Crying Uncle!
Submitted by Atlas Indicators Investment Advisors on May 27th, 2022
My wife and I are fortunate enough to have three nephews and two nieces; the two youngest recently celebrated their respective first trips around the sun. They are a blast and are still young enough to be marginally impressed with my feats for strength and mediocre skateboarding skills. Despite obvious physical advantages, they insist on challenging me. While not as fleet of foot as I once was, my longer legs tilt the odds in my favor that I won’t be “it” for very long in a match of tag. While it’s mostly fun and games, occasionally I’ll feel a duty to make sure they’re ok. Take the shortage of baby formula for instance. Not knowing much about a bottle except to offer one to the littlest of them when they fuss, I reached out to make sure the households were well stocked. Fortunately, the two youngest were just old enough to begin transitioning toward other sources of nutrition; neither household was concerned.
Not all Americans were so lucky to have an ample supply while their children aged out of formula. Instead, nightly headlines are filled with concerns about access to food for some of the nation’s most vulnerable. For those not familiar with the development, one primary difficulty for this supply chain has been the halt of production at a facility in Michigan since February of this year which led to as much as 43 percent of formula products being out of stock starting earlier this month. While there are four main companies which make roughly all of the nation’s formula, this one alone, representing 40 percent, was shut down.
Concentration issues seem partially evident in this shortage. This small segment of the economy wasn’t resilient enough to adjust quickly. This lack of adaptability is happening in many areas of global output. Some changes to import restrictions were offered by the Food and Drug Administration which will help ease the shortage. It’s unknowable what the longer-term solution will end up being for this matter.

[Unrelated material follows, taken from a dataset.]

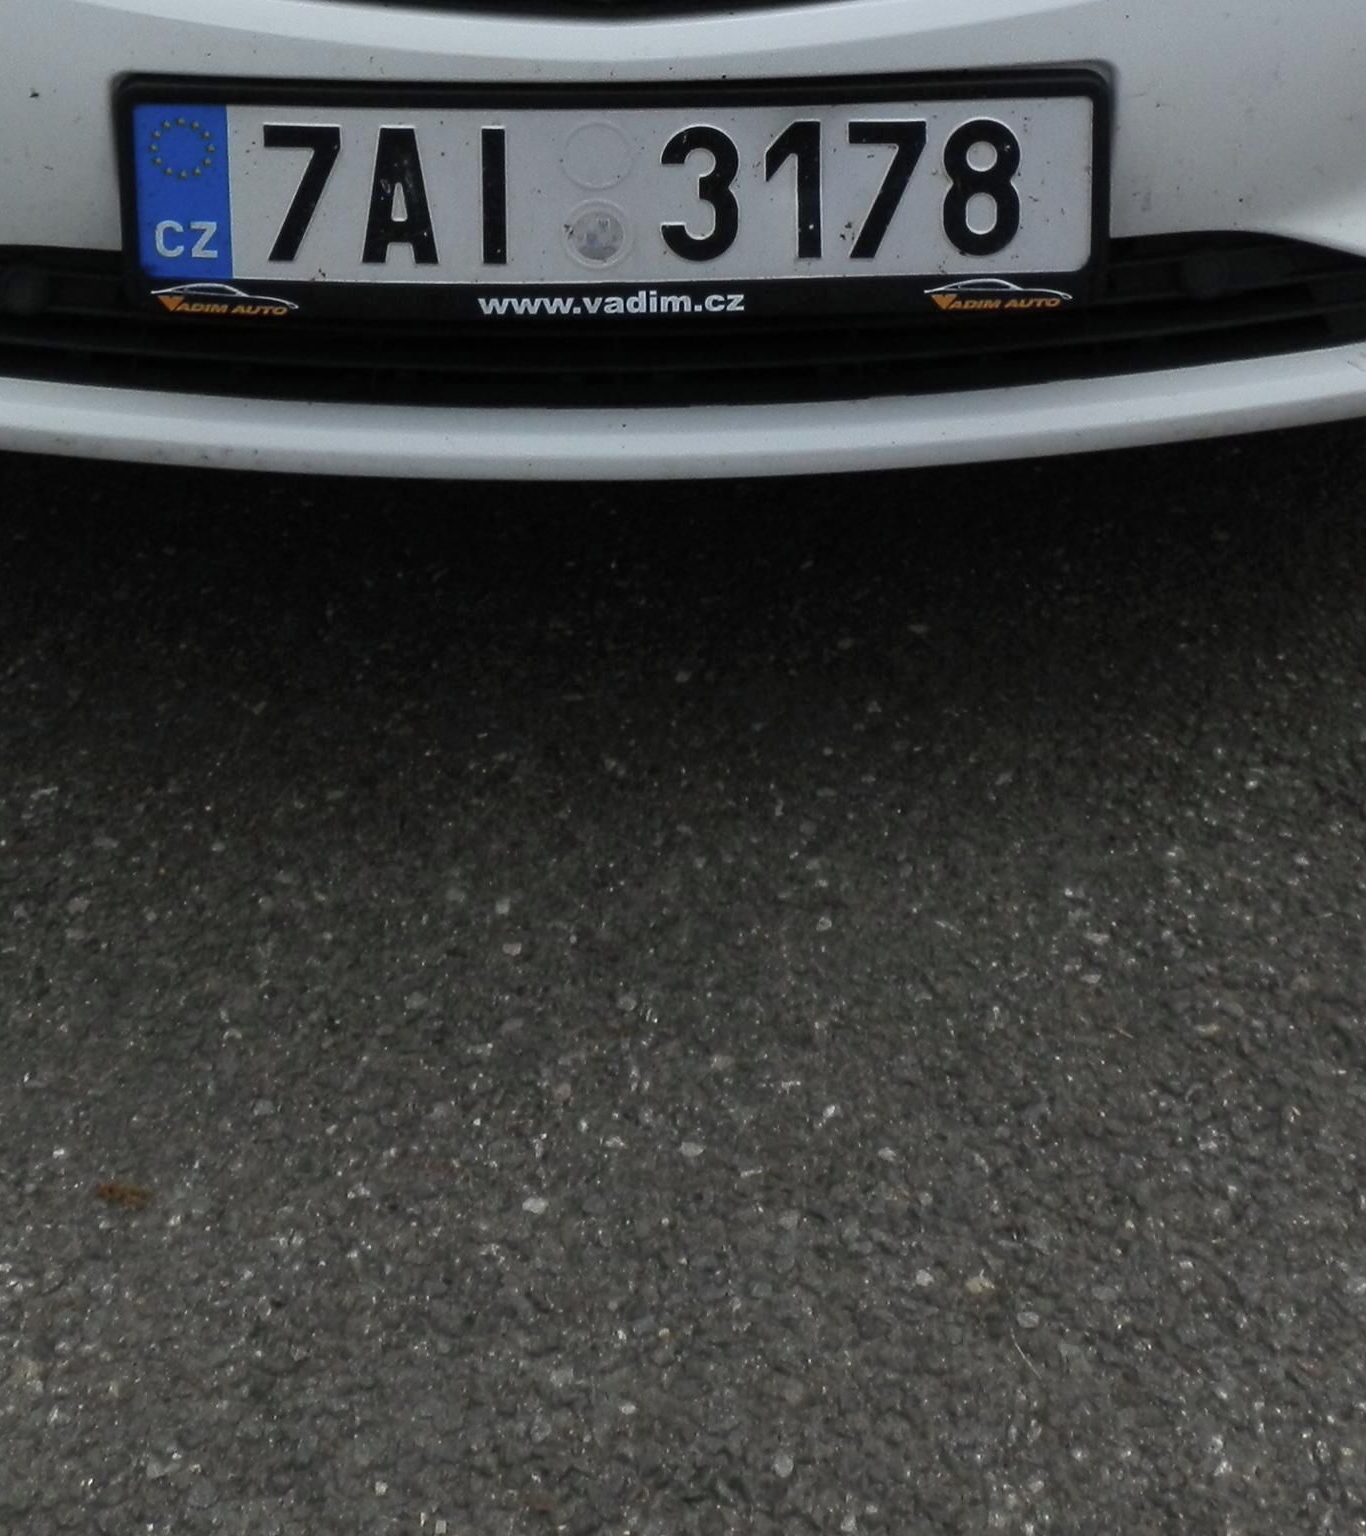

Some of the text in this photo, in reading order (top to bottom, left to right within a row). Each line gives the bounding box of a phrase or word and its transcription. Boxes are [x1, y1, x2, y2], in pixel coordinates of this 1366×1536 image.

Another potential culprit in this and other shortages facing the economy is the just-in-time design of the modern world. Inherent in this type of set up is a system with little room for error. Now that errors have been exposed as a result of the global shutdown a few years ago, this system is struggling to get caught up. Here at home, stories of on-shoring production are growing in number. Globalization is far from dead, but there seems to be a shift in the design of the world’s markets as pained economies around the world cry uncle.